Mathematical Bold Italic Capital P 𝑷
Visual Description: A bold italic capital P appears as a strong, slanted letter with thick strokes. The shape blends weight and tilt to signal emphasis and a mathematical role. In many fonts the strokes are uniform, with clean curves that keep it legible at small sizes in formulas and charts. It looks precise and formal.
Meaning & Usage: The style marks the letter as a mathematical symbol rather than ordinary text. A bold italic P often represents a variable, a parameter, or another quantity in formulas. In calculators and math apps, the symbol is available as a quick insert; it aids clear comparisons and operations.

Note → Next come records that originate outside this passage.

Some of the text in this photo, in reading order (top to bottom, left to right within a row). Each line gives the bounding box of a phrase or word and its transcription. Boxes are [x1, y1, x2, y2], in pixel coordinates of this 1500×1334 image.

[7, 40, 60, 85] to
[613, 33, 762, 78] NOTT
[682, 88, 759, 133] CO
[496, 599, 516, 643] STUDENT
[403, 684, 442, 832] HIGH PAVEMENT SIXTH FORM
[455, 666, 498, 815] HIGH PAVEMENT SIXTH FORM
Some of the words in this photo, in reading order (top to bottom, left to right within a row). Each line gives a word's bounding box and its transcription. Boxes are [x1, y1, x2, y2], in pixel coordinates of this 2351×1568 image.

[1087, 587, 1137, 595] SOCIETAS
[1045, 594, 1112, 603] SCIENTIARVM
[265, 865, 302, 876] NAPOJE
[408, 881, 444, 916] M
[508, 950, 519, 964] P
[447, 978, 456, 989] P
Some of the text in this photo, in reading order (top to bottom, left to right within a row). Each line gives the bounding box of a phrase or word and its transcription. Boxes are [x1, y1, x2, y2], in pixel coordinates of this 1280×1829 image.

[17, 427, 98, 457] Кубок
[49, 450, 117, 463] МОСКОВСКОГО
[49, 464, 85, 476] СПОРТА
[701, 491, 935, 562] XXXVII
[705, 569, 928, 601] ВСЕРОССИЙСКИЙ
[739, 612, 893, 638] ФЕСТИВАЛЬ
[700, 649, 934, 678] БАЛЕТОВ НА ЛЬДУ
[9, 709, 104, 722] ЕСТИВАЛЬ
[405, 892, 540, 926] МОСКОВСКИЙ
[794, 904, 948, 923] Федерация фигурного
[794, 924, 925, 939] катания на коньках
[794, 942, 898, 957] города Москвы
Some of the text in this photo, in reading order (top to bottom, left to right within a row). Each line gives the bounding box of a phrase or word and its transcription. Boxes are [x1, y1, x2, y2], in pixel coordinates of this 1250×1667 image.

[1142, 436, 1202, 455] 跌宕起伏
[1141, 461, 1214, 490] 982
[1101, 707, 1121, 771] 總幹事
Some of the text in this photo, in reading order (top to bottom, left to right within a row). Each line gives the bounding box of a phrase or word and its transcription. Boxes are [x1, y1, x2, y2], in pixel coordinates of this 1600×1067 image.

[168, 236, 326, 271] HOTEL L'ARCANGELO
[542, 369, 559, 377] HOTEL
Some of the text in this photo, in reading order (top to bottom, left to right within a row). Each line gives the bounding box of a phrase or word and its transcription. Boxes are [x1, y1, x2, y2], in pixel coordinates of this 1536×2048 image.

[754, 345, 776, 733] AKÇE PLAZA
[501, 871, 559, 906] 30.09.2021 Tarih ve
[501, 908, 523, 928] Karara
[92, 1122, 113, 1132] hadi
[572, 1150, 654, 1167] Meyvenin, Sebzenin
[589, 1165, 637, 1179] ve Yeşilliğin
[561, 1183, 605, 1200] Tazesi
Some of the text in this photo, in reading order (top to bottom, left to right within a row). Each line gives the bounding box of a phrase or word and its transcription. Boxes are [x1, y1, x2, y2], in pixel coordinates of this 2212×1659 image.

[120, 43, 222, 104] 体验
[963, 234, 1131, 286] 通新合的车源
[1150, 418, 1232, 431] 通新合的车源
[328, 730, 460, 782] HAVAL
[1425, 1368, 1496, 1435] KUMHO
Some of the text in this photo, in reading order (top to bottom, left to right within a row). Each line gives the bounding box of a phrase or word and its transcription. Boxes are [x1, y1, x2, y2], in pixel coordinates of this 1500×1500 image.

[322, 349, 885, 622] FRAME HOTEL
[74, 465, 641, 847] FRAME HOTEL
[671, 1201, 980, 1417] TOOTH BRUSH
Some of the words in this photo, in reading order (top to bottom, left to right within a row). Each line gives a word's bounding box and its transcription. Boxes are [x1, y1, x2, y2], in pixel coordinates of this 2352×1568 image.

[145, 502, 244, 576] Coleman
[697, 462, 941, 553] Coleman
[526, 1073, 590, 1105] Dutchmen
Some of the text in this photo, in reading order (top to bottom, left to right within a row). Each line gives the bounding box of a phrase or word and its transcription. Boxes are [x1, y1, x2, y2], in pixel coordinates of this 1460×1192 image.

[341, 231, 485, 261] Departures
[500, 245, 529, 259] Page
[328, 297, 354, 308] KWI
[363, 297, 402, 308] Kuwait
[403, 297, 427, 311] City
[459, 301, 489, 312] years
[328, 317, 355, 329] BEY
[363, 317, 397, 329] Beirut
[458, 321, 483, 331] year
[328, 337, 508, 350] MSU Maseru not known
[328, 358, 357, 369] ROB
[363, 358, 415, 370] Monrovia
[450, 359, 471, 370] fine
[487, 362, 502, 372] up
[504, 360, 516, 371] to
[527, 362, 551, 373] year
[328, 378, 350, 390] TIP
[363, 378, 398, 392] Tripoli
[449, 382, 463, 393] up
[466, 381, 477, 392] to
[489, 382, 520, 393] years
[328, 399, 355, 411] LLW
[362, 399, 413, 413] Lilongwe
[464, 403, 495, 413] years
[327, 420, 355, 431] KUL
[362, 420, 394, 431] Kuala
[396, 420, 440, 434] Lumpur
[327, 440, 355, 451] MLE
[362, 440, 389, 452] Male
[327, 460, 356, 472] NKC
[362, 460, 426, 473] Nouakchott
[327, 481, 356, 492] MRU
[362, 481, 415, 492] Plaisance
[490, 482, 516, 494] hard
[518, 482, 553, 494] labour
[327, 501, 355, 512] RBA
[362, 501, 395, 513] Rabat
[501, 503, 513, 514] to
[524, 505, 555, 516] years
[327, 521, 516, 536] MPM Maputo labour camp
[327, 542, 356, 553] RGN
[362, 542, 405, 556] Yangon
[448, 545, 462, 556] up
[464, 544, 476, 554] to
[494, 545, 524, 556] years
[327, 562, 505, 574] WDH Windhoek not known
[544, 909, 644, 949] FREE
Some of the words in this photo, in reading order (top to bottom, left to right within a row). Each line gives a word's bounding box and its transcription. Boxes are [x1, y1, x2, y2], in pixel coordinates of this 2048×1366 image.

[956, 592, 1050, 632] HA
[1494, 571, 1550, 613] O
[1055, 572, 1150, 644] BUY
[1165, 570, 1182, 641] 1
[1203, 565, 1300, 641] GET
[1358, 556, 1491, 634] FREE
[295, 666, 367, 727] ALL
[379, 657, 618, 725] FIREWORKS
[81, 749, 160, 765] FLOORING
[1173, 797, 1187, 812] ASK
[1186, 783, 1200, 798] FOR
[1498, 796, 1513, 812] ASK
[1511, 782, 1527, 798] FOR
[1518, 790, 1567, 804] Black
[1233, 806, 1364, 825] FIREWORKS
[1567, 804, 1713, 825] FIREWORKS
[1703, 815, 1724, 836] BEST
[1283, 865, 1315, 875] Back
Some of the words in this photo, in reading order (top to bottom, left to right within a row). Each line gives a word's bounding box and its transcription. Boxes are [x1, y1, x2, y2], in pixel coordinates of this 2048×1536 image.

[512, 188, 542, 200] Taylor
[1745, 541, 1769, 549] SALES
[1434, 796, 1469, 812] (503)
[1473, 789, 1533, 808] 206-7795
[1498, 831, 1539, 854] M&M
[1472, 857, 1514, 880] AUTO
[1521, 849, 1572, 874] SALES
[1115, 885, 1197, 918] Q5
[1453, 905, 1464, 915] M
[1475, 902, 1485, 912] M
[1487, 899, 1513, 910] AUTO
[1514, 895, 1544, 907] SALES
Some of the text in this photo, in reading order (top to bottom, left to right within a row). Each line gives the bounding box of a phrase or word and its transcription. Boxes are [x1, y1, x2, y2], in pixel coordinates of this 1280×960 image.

Historical Background: In print and digital typography, bold italic styles were developed to separate variables from words. This practice grew with font design and encoding standards, creating a formal set for mathematical alphanumeric symbols. The bold italic P is part of that broader family used across many disciplines.
Practical Use: In equations, a bold italic P may denote probability, pressure, power, or a parameter. It appears in structured formulas, graphs, and proofs. In UI, you might see a P button to insert the symbol, or a quick toggle for style changes, comparisons, and inline calculations.
See our category page for related symbols.
Look‑alikes: P (U+50).
Need styled alternatives? Try the Fancy Text tool.
Confusables
Technical details
- Codepoint:
U+1D477 - General Category:
Lu - Age:
3.1 - Bidi Class:
L - Decomposition:
<font> 0050 - Block:
Mathematical Alphanumeric Symbols - Script:
Common - UTF-8:
F0 9D 91 B7 - UTF-16:
D835 DC77 - UTF-32:
0001D477 - HTML dec:
𝑷 - HTML hex:
𝑷 - JS escape:
\u{1D477} - Python \N{}:
\N{MATHEMATICAL BOLD ITALIC CAPITAL P} - Python \U:
\U0001D477 - URL-encoded:
%F0%9D%91%B7 - CSS escape:
\1D477
How to type / insert
Fast copy: click the Copy button near the top of this page.
By codepoint: in many editors and IDEs, you can insert via the Unicode code U+1D477 or a built‑in character picker.
HTML: use the numeric entity 푷 (hex) or 푷 (decimal) when an HTML entity is needed.
Compatibility & troubleshooting
Font support: if the symbol does not render, the current font likely lacks this codepoint. Choose a font with broad Unicode coverage or allow a fallback font.
Web pages: ensure your CSS font stack includes a general fallback; avoid relying on images for common symbols to preserve accessibility and copyability.